薮入り

柳家小三治で何度か聞きました。
30歳過ぎたニート、フリーターが社会問題となっている今とは別世界、10歳になるとすぐ奉公に出された時代の話。
年に1月と7月の1日ずつ、たった2日だけあった休みに家に帰るのが薮入り。
初めての薮入りで帰ってくる息子を待ちわびる父親像がよく描かれています。前夜床に入ってからも落ち着かず、…(以下、『柳家小三治の落語2』(小学館文庫)より抜粋)
「(息子を3年前、10歳のときに奉公に出したのを確かめた直後に)そうそう、そうそう。十だったなあ。(今)いくつんなったかなあ」
「刺身、食わしてやりてえなあ。……中とろのいいところをよう、二人前とれよ。おれもお相伴するから。刺身でおまんま食わしたらなあ。そうだ、鰻屋へ連れてって、……中串のいいとこなあ、たっぷり食わしたろうじゃねえか。鰻で腹いっぺぇになったら、天ぷら屋へ連れてってやろうかなあ。……揚げたてじゃなくちゃな、天ぷらは。衣がかりかりっつってよう。そのあと寿司屋だなあ。そして腹いっぱいになったら、あとは甘味だ」
「どこへ連れてってやろうかなあ。品川の兄貴んとこ行って、……そうだ、川崎の大師様、お参りに連れてってやろうかなあ。……そうそう、そうそう。日光見せて、結構って言わしてやろうかなあ。……あすこまで足延ばしたんならなあ、ついでだ、松島、見物さしてやろうかなあ。それからぐるっと回って、南部の恐山からよぅ、佐渡島へ」【奥さんに「何言ってんの、この人は。いつ連れてくの」と問われて】「んん…明日中に」
【「ああしてやりたい」、「こうしてやろう」と独り言を呟いているうちに午前3時になってしまいますが、まもなく会えるとそわそわしているので】「3時回ったのか。何かこう、時計の回りが遅いんじゃねえか。おい。(少しは寝かしてちょうだいという奥さんに)おい、ちょっと立ち上がって、ぐるぐるっと回せ」


この後、物言い・態度をきっちり奉公先でしつけられた息子と再会しますが、月単位で見違えるように成長する10歳過ぎの子どもと久々に会う感動はおそらく、現代、成人した子が大学や会社から帰省するのとは比べものにならないでしょう。

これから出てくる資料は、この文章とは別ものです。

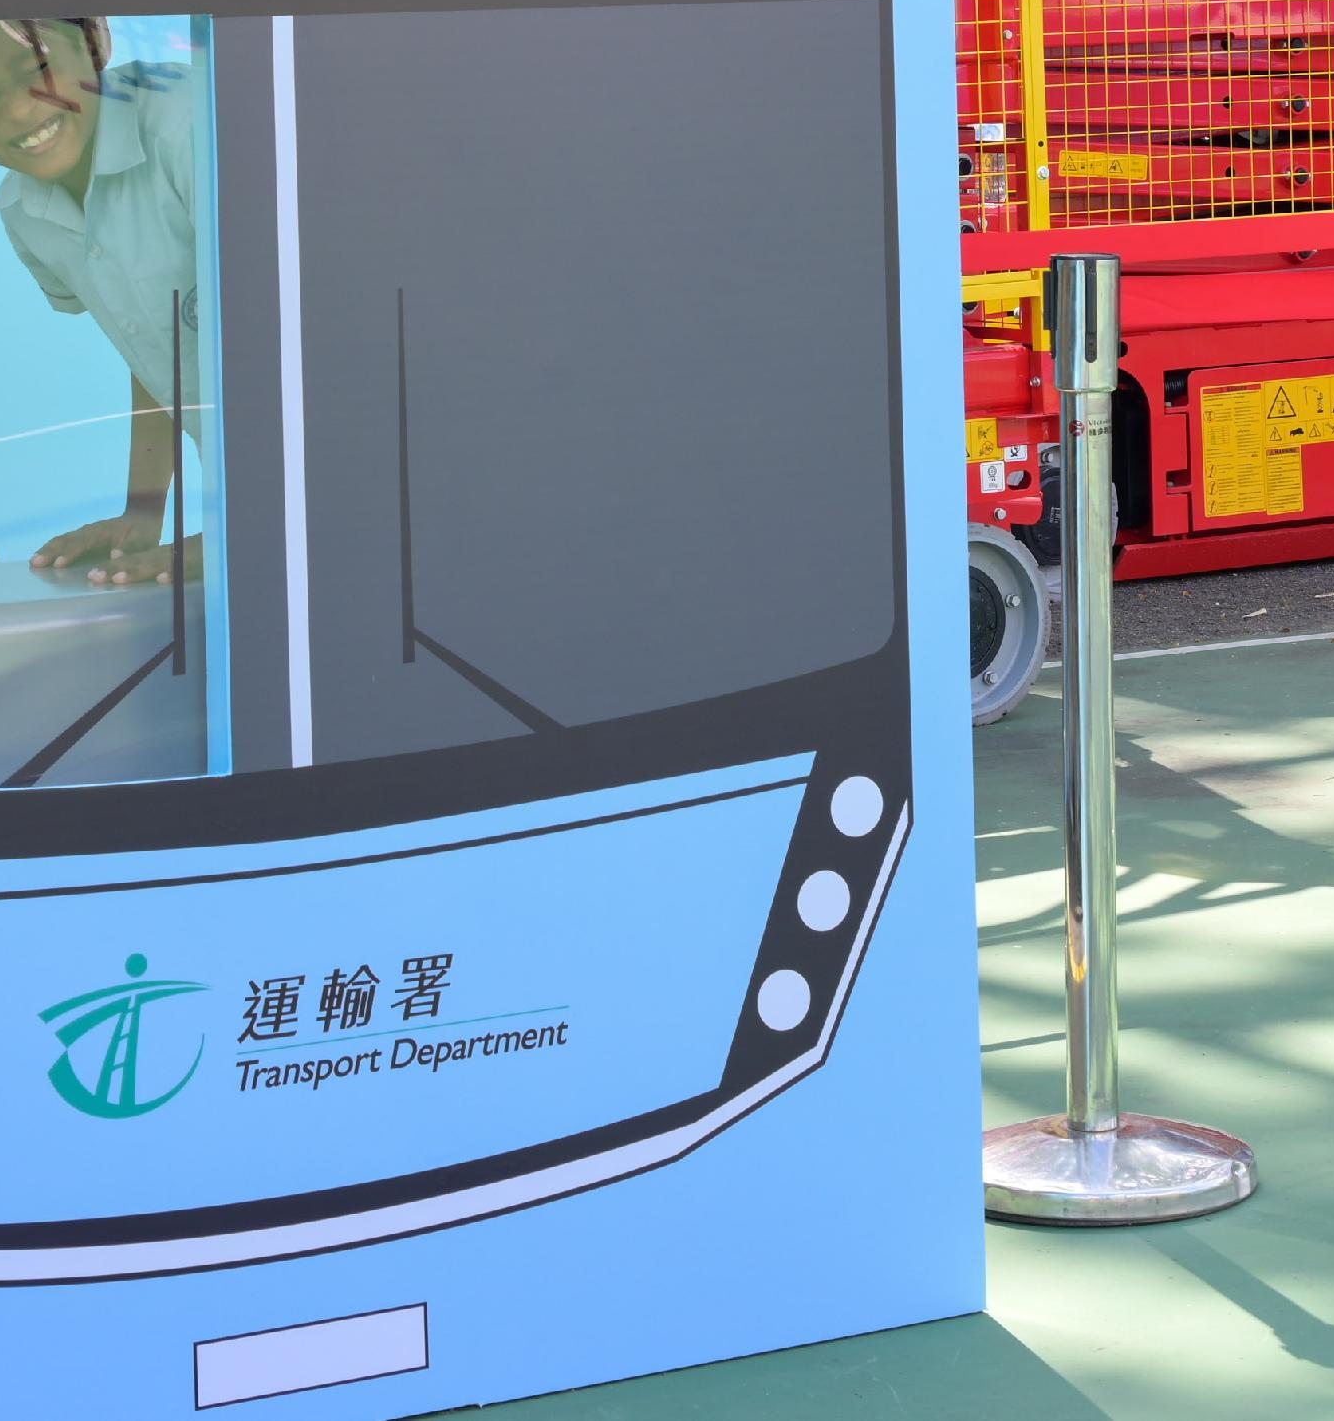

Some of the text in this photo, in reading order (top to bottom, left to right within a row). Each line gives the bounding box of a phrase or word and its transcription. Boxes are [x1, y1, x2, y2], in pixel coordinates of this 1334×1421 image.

[237, 953, 453, 1044] 運輸署
[236, 1020, 569, 1092] Transport Department
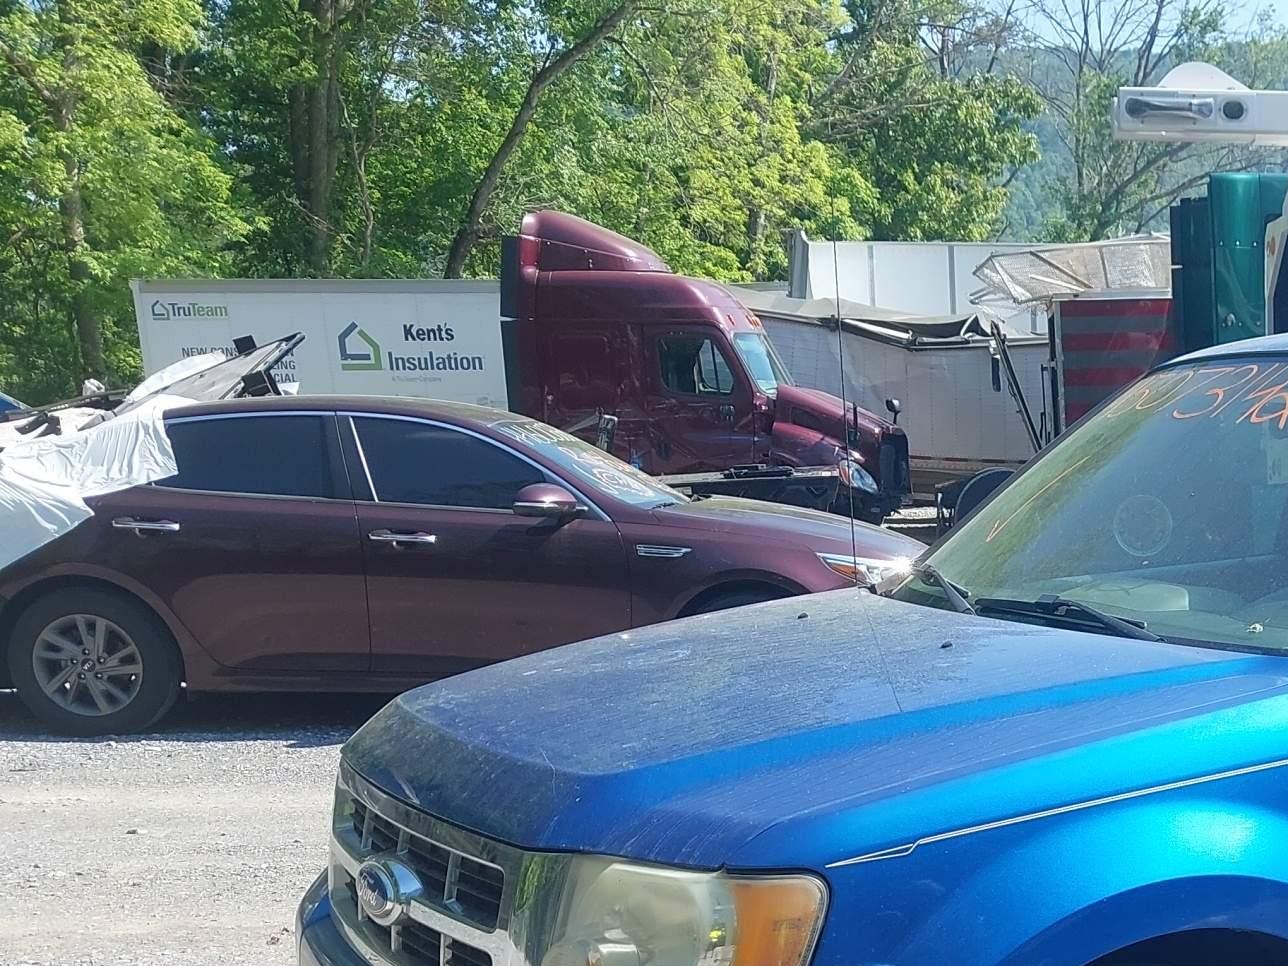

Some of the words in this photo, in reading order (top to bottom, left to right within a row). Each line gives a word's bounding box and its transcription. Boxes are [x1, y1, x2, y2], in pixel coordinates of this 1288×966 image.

[168, 302, 228, 317] TruTeam
[403, 321, 455, 342] Kent's
[387, 351, 484, 371] Insulation
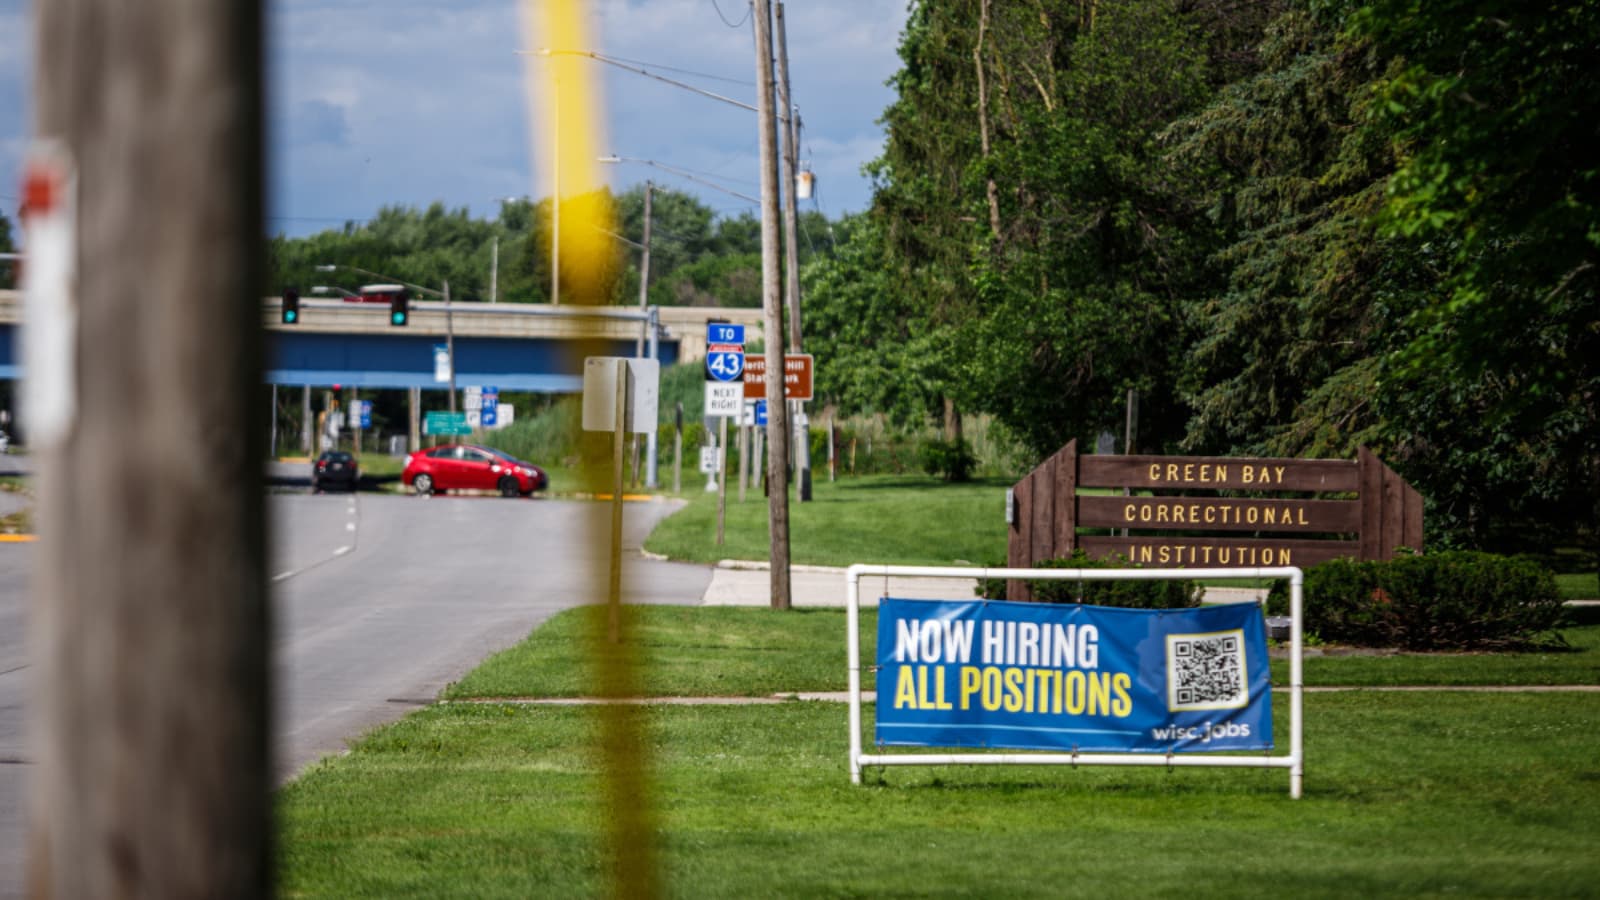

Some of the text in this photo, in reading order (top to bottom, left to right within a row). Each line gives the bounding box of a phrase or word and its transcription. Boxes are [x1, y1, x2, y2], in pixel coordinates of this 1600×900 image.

[719, 328, 735, 340] TO
[711, 354, 740, 375] 43
[786, 360, 804, 370] Hill
[745, 373, 799, 384] Stat ark
[713, 388, 735, 397] NEXT
[711, 400, 736, 409] RIGHT
[1149, 464, 1286, 484] GREEN BAY
[1124, 503, 1309, 526] CORRECTIONAL
[1129, 545, 1292, 566] INSTITUTION
[896, 618, 1099, 669] NOW HIRING
[894, 665, 1133, 718] ALL POSITIONS
[1152, 721, 1251, 743] wisc.jobs
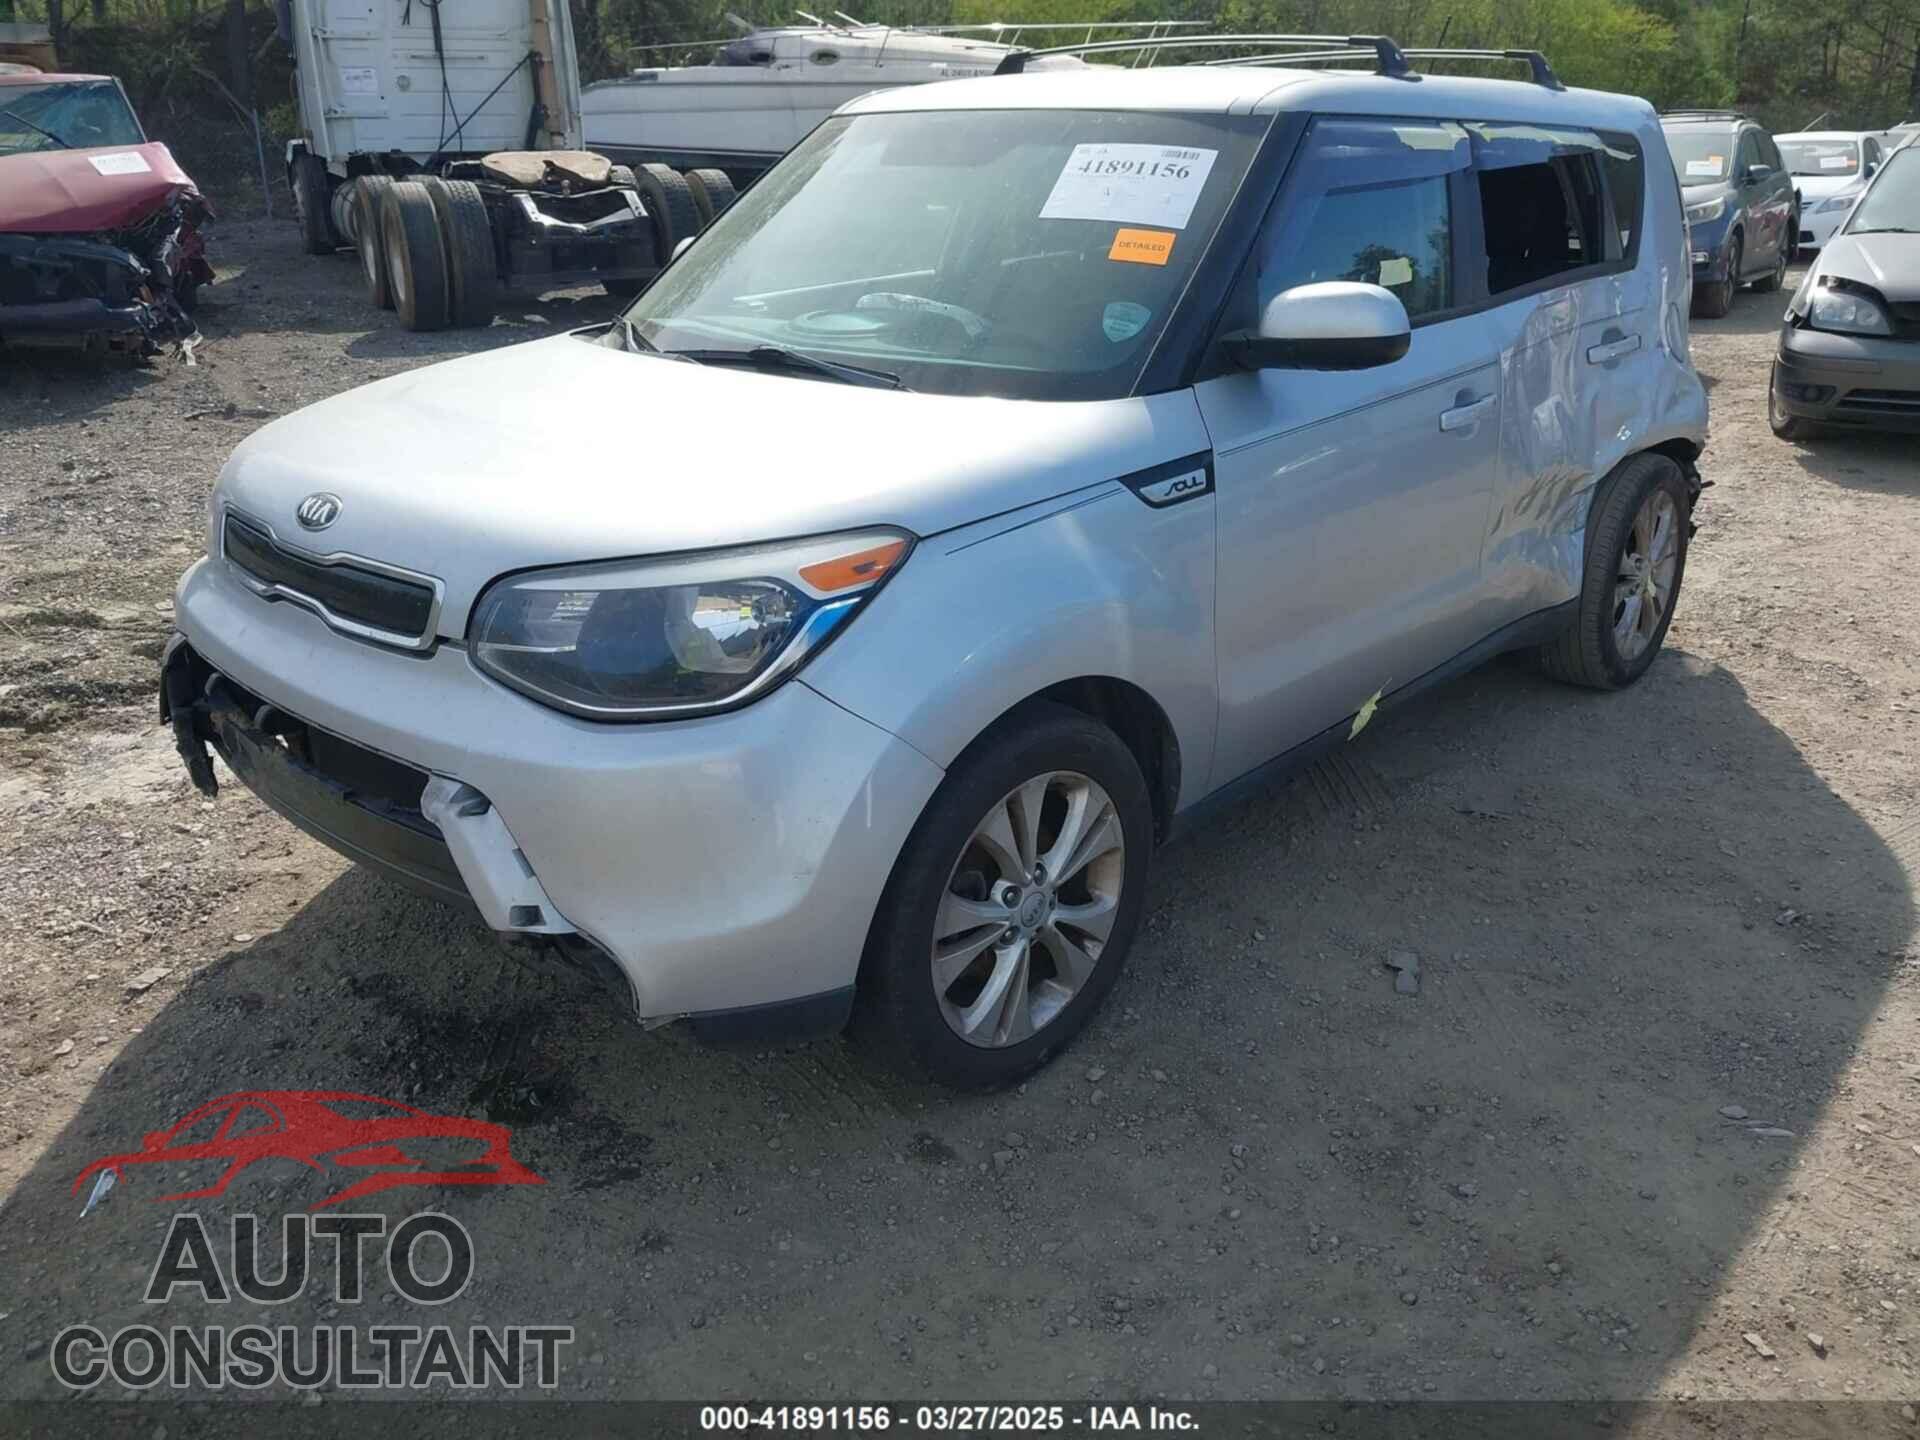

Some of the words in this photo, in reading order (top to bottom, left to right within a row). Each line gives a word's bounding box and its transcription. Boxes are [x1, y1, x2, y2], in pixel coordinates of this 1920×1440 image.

[1078, 159, 1192, 180] 41891156
[1117, 240, 1166, 252] DETAILED
[300, 496, 334, 525] KIA

大店の大勢の目上の人たちと寝食をともにし、毎日ルールどおりに働かされる子に多くても年2回だけしか会えない親と、年中同じ家にいながら日にわずかな時間しか顔を合わせない親(我が家はせめてもの思いから、子ども部屋のカギは予め取り外してありますが)と、どちらが子どもの成長に敏感で、子どもにとって身近な存在か、問いかけられている気がするほどです。
マーにとっては、笑えると同時に目の前のことをふと考えさせられる、軽い余韻の残る噺です。